PROBLEM — Only the words of the entries are wanted, repeated exactly and without images.

[Dataset records]
------
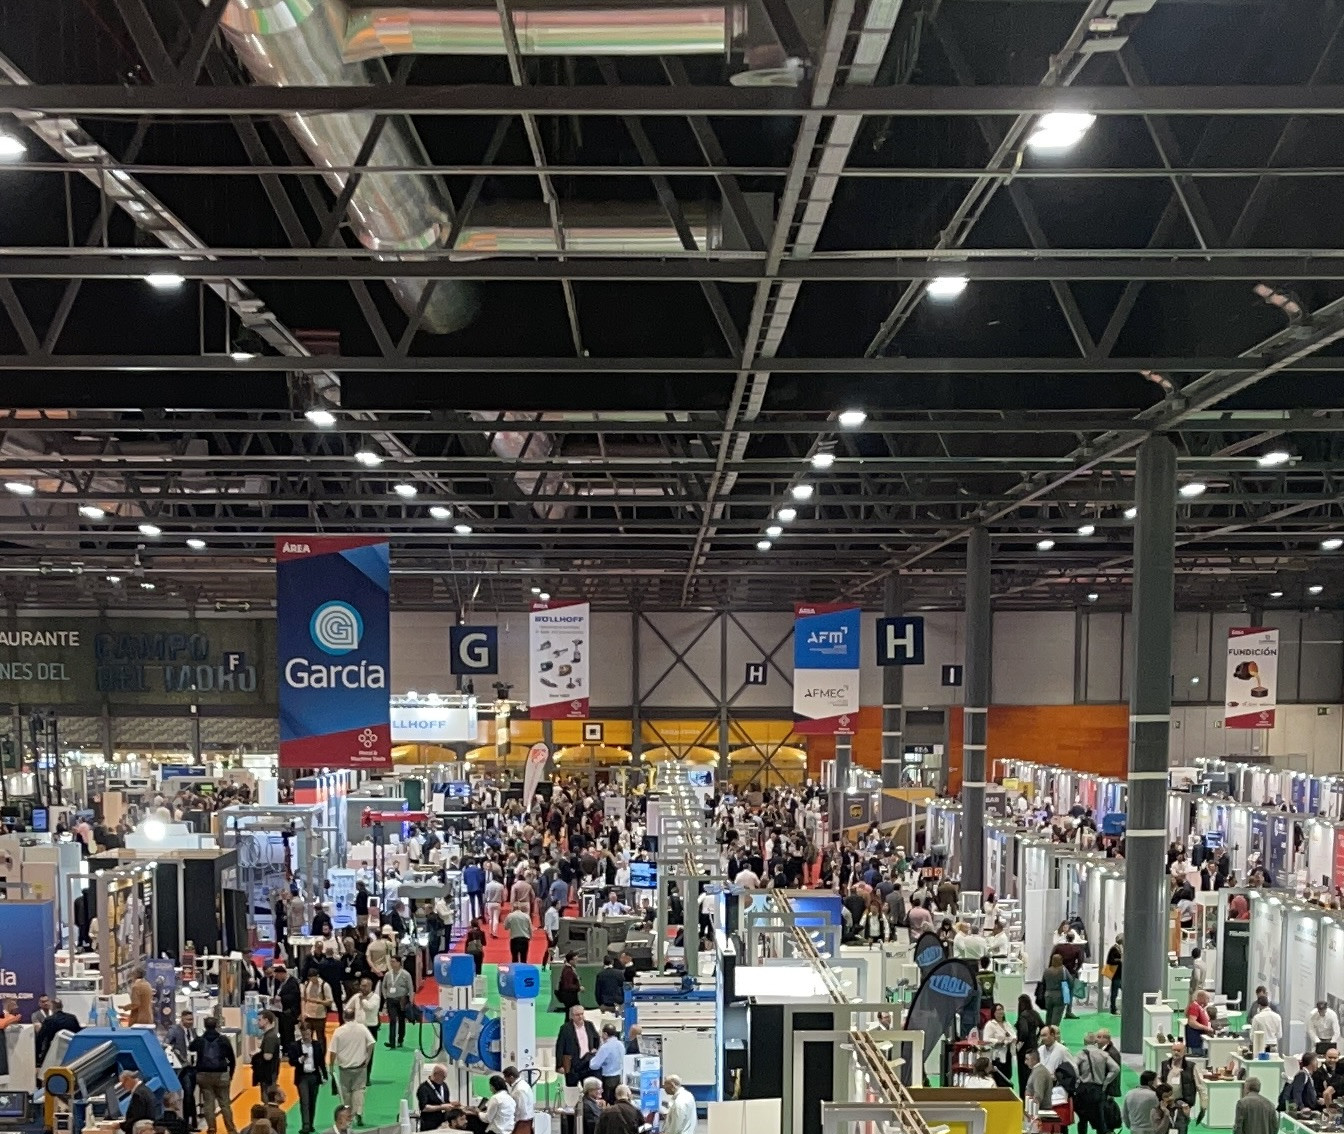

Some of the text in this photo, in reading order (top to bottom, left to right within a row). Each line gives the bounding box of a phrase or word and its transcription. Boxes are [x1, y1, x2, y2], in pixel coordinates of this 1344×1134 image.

[283, 542, 312, 554] ÁREA
[886, 624, 915, 659] H
[459, 633, 490, 669] G
[1228, 648, 1277, 657] FUNDICIÓN
[37, 663, 71, 681] DEL
[229, 655, 240, 672] F
[284, 657, 386, 689] García
[749, 666, 763, 682] H
------
OUTPUT OF THE TASK —
Some of the text in this photo, in reading order (top to bottom, left to right within a row). Each line gives the bounding box of a phrase or word and its transcription. Boxes are [x1, y1, x2, y2], in pixel coordinates of this 1344×1134 image.

[283, 542, 312, 554] ÁREA
[886, 624, 915, 659] H
[459, 633, 490, 669] G
[1228, 648, 1277, 657] FUNDICIÓN
[37, 663, 71, 681] DEL
[229, 655, 240, 672] F
[284, 657, 386, 689] García
[749, 666, 763, 682] H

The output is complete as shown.